● Work required: The task calls for every entry to be printed word for word, without the images.

· · ·

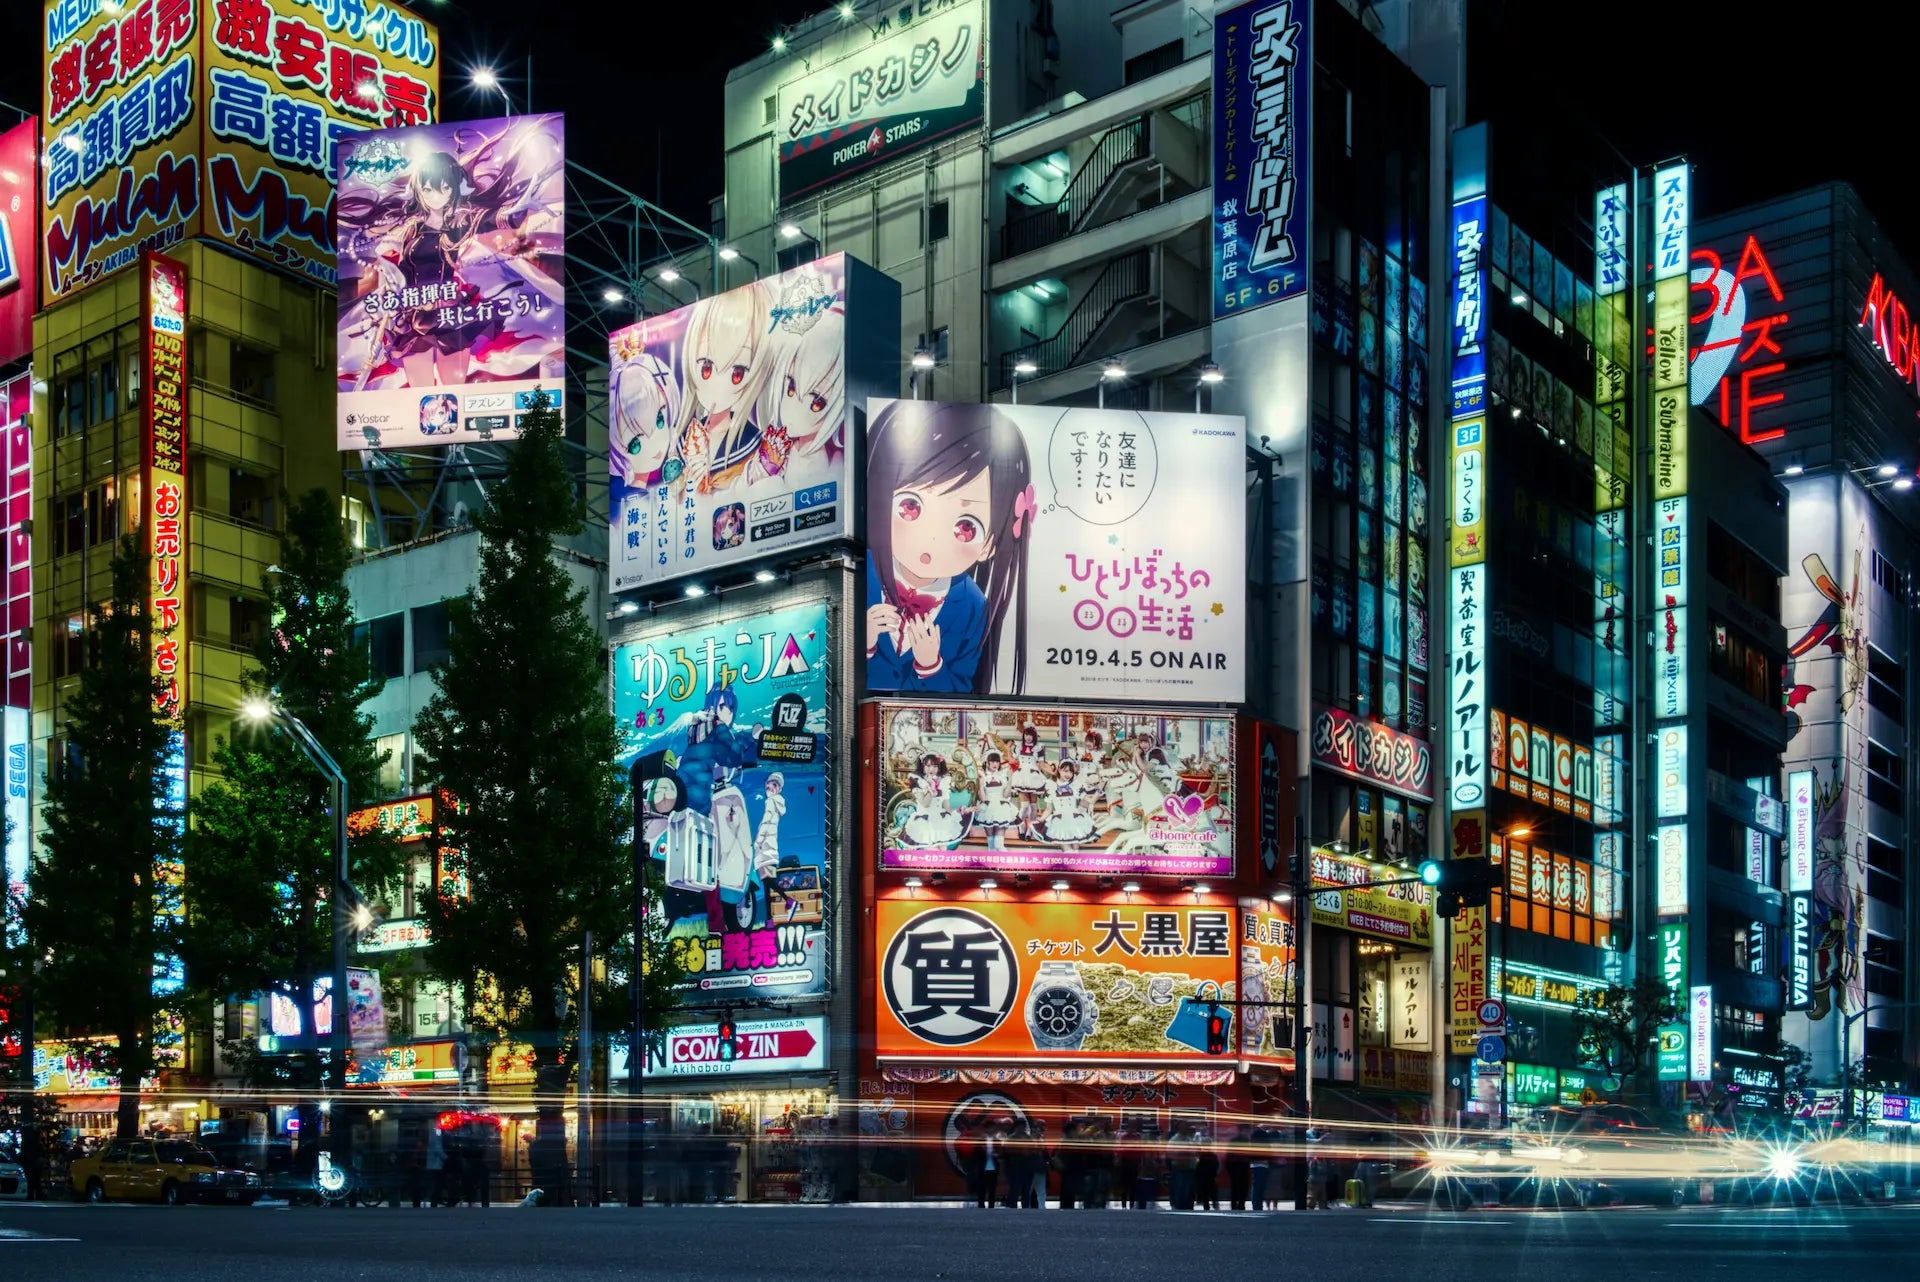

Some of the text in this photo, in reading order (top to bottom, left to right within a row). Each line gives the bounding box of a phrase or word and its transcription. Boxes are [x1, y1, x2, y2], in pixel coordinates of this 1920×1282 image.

[49, 0, 193, 120] 激安販売
[789, 24, 972, 141] メイドカジノ
[210, 67, 338, 182] 高額
[833, 118, 921, 165] POKER STARS
[46, 153, 198, 296] Mulan
[1222, 198, 1238, 281] 秋葉原店
[1662, 176, 1684, 268] スーパービル
[234, 229, 305, 269] ムーラン
[60, 261, 103, 296] ムーラン
[103, 246, 136, 274] AKIBA
[364, 280, 468, 314] さあ指揮官、
[153, 315, 182, 333] あなたの
[154, 333, 182, 352] DVD
[1659, 326, 1677, 383] Yellow
[153, 365, 182, 384] ゲーム
[158, 380, 178, 396] CD
[153, 393, 182, 413] アイドル
[153, 408, 182, 427] アニメ
[357, 412, 391, 424] Yostar
[467, 397, 505, 410] アズレン
[154, 424, 181, 443] コミック
[154, 442, 181, 457] ホビー
[1459, 426, 1480, 441] 3F
[1659, 396, 1678, 489] Submarine
[153, 455, 181, 475] フィギュア
[1095, 429, 1113, 505] なりたい
[1118, 430, 1137, 489] 友達に
[813, 488, 831, 501] 検索
[1463, 455, 1476, 523] りらくる
[1662, 500, 1680, 513] 5F
[656, 486, 669, 565] 望んでいる
[683, 478, 697, 559] これが君の
[753, 499, 788, 517] アズレン
[1064, 549, 1211, 600] ひとりぼっちの
[1045, 647, 1227, 670] 2019.4.5 ON AIR
[1314, 712, 1430, 790] メイドカジノ
[10, 743, 26, 798] SEGA
[1150, 830, 1217, 842] @home cafe
[1453, 819, 1482, 857] 免
[1027, 940, 1085, 956] チケット
[1093, 910, 1230, 956] 大黒屋
[1794, 896, 1809, 1006] GALLERIA
[899, 928, 1005, 1028] 質
[1404, 977, 1419, 1040] ルノアール
[1482, 1007, 1499, 1019] 40
[749, 1033, 779, 1057] ZIN
[673, 1063, 731, 1074] Akihabara
[1516, 1073, 1556, 1094] リバティー
[1102, 1085, 1179, 1103] チケット
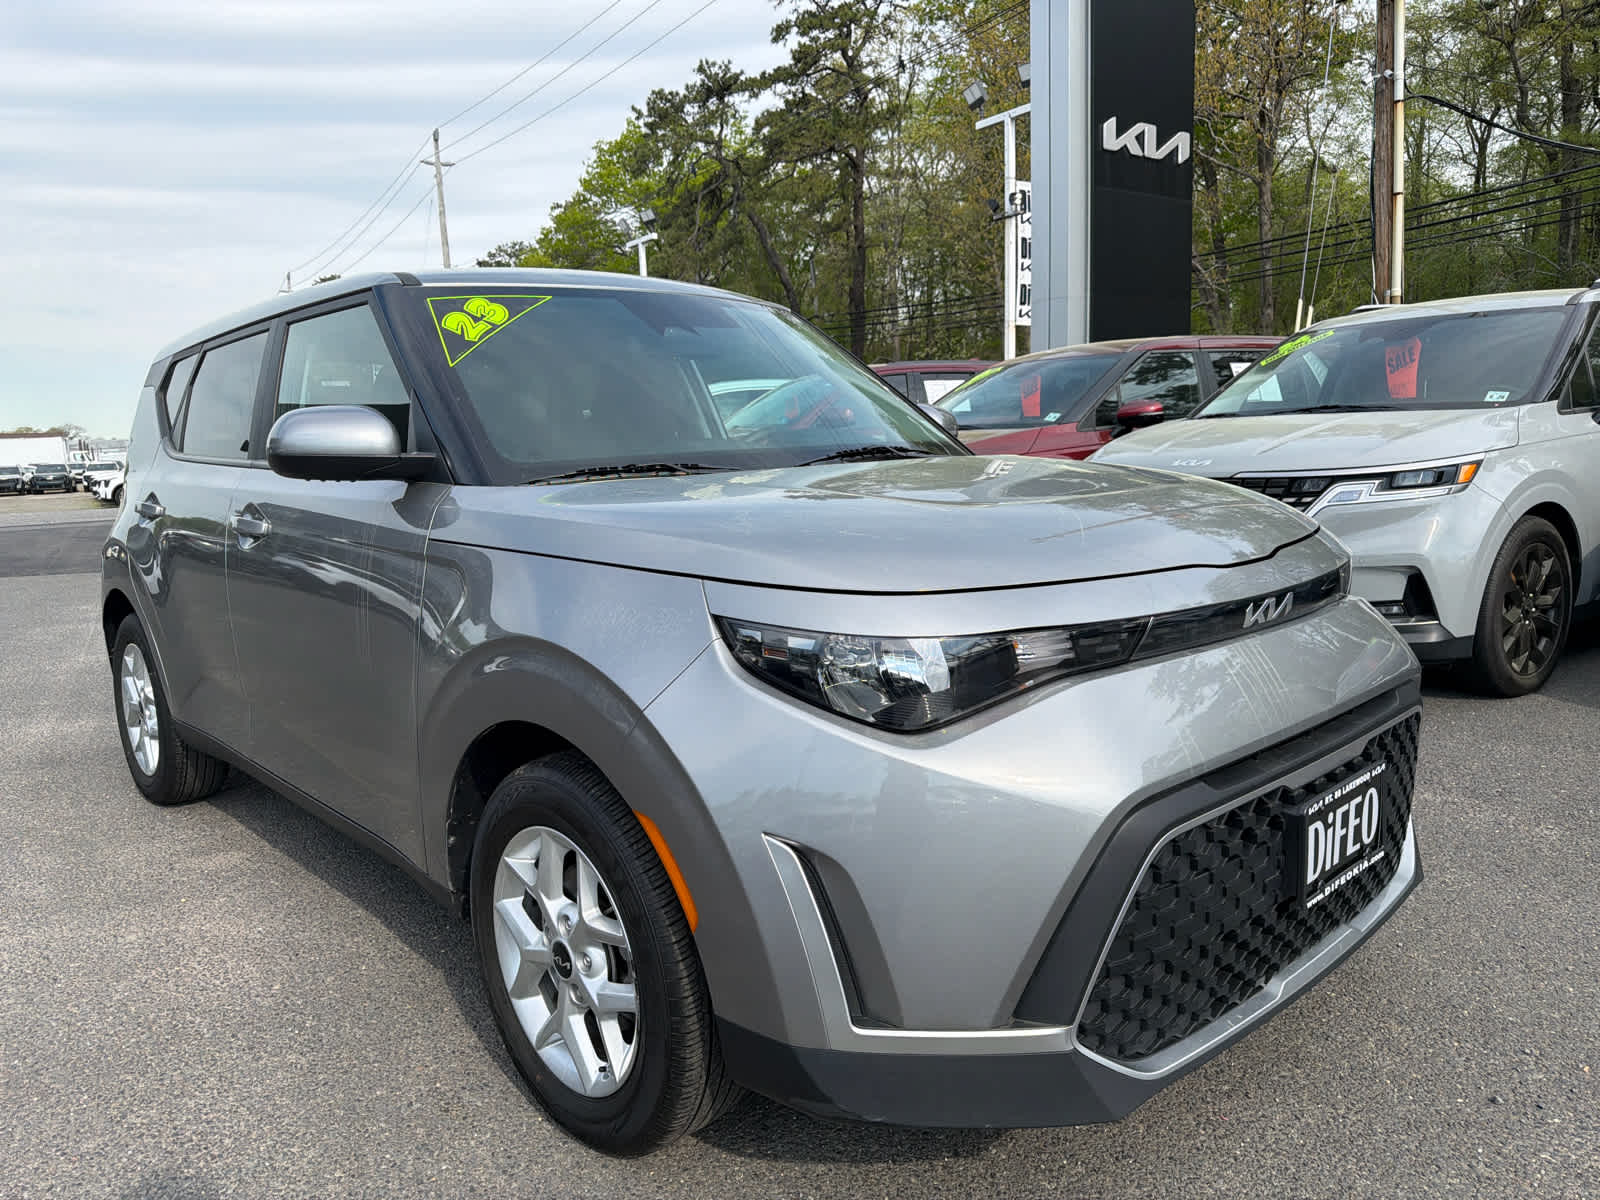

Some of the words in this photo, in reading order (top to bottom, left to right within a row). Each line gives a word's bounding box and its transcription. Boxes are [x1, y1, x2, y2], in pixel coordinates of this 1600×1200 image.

[1103, 116, 1190, 164] KIA
[441, 297, 510, 342] 23
[1387, 345, 1417, 375] SALE
[1243, 592, 1294, 629] KIA
[1306, 787, 1379, 885] DiFEO

· · ·

● Solution to the exercise:
Some of the text in this photo, in reading order (top to bottom, left to right within a row). Each line gives the bounding box of a phrase or word and its transcription. Boxes are [x1, y1, x2, y2], in pixel coordinates of this 1920×1282 image.

[49, 0, 193, 120] 激安販売
[789, 24, 972, 141] メイドカジノ
[210, 67, 338, 182] 高額
[833, 118, 921, 165] POKER STARS
[46, 153, 198, 296] Mulan
[1222, 198, 1238, 281] 秋葉原店
[1662, 176, 1684, 268] スーパービル
[234, 229, 305, 269] ムーラン
[60, 261, 103, 296] ムーラン
[103, 246, 136, 274] AKIBA
[364, 280, 468, 314] さあ指揮官、
[153, 315, 182, 333] あなたの
[154, 333, 182, 352] DVD
[1659, 326, 1677, 383] Yellow
[153, 365, 182, 384] ゲーム
[158, 380, 178, 396] CD
[153, 393, 182, 413] アイドル
[153, 408, 182, 427] アニメ
[357, 412, 391, 424] Yostar
[467, 397, 505, 410] アズレン
[154, 424, 181, 443] コミック
[154, 442, 181, 457] ホビー
[1459, 426, 1480, 441] 3F
[1659, 396, 1678, 489] Submarine
[153, 455, 181, 475] フィギュア
[1095, 429, 1113, 505] なりたい
[1118, 430, 1137, 489] 友達に
[813, 488, 831, 501] 検索
[1463, 455, 1476, 523] りらくる
[1662, 500, 1680, 513] 5F
[656, 486, 669, 565] 望んでいる
[683, 478, 697, 559] これが君の
[753, 499, 788, 517] アズレン
[1064, 549, 1211, 600] ひとりぼっちの
[1045, 647, 1227, 670] 2019.4.5 ON AIR
[1314, 712, 1430, 790] メイドカジノ
[10, 743, 26, 798] SEGA
[1150, 830, 1217, 842] @home cafe
[1453, 819, 1482, 857] 免
[1027, 940, 1085, 956] チケット
[1093, 910, 1230, 956] 大黒屋
[1794, 896, 1809, 1006] GALLERIA
[899, 928, 1005, 1028] 質
[1404, 977, 1419, 1040] ルノアール
[1482, 1007, 1499, 1019] 40
[749, 1033, 779, 1057] ZIN
[673, 1063, 731, 1074] Akihabara
[1516, 1073, 1556, 1094] リバティー
[1102, 1085, 1179, 1103] チケット

Some of the words in this photo, in reading order (top to bottom, left to right within a row). Each line gives a word's bounding box and its transcription. Boxes are [x1, y1, x2, y2], in pixel coordinates of this 1600×1200 image.

[1103, 116, 1190, 164] KIA
[441, 297, 510, 342] 23
[1387, 345, 1417, 375] SALE
[1243, 592, 1294, 629] KIA
[1306, 787, 1379, 885] DiFEO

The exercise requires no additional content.